■ **WHAT TO PRODUCE**:
Please give all of the data again, character for character, and drop the pictures.

═════ SUPPLIED INFORMATION ═════

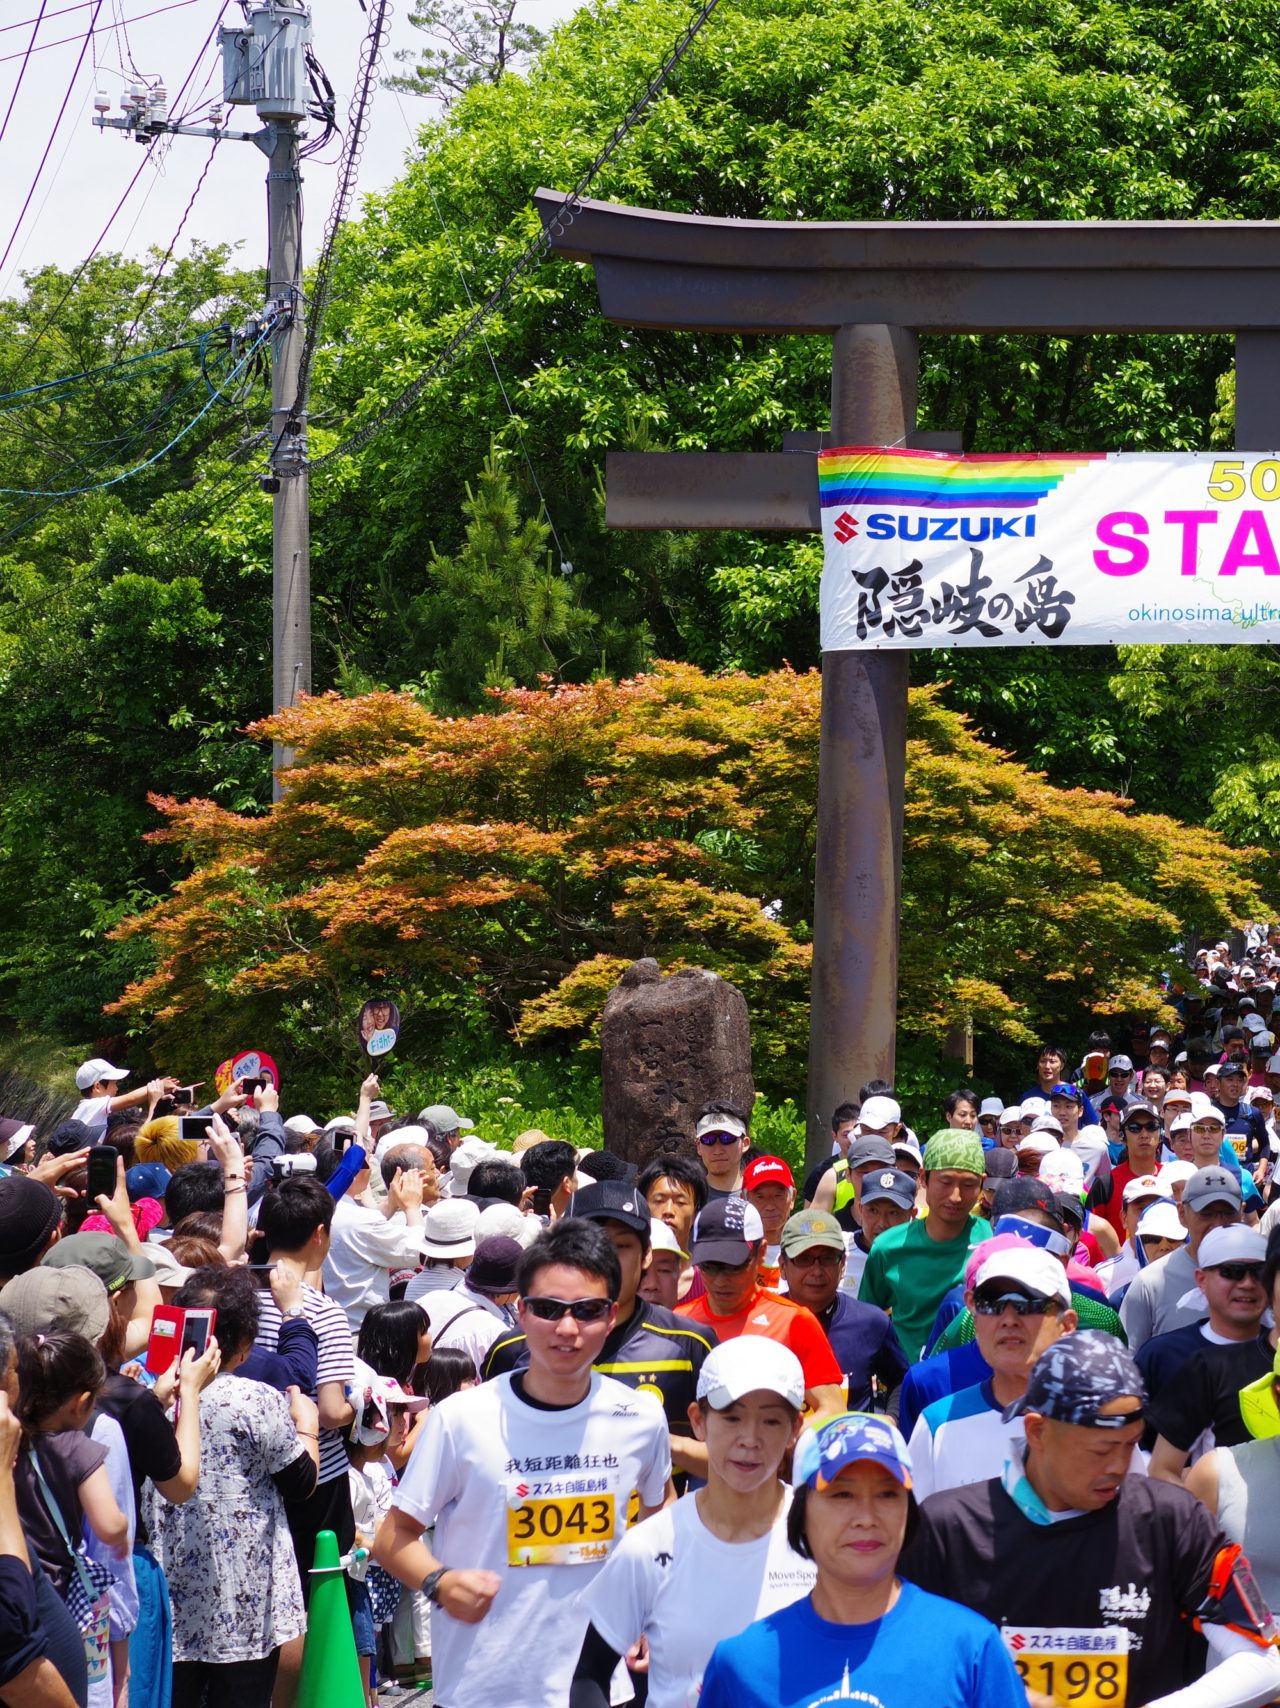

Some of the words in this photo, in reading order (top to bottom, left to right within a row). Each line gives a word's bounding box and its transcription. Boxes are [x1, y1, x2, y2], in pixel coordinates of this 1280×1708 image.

[865, 513, 1036, 542] SUZUKI
[851, 547, 1076, 641] 隠岐の島
[1128, 603, 1232, 621] okinosima
[514, 1500, 610, 1539] 3043

═════

■ **COMPLETED TASK**:
Some of the words in this photo, in reading order (top to bottom, left to right within a row). Each line gives a word's bounding box and its transcription. Boxes are [x1, y1, x2, y2], in pixel coordinates of this 1280×1708 image.

[865, 513, 1036, 542] SUZUKI
[851, 547, 1076, 641] 隠岐の島
[1128, 603, 1232, 621] okinosima
[514, 1500, 610, 1539] 3043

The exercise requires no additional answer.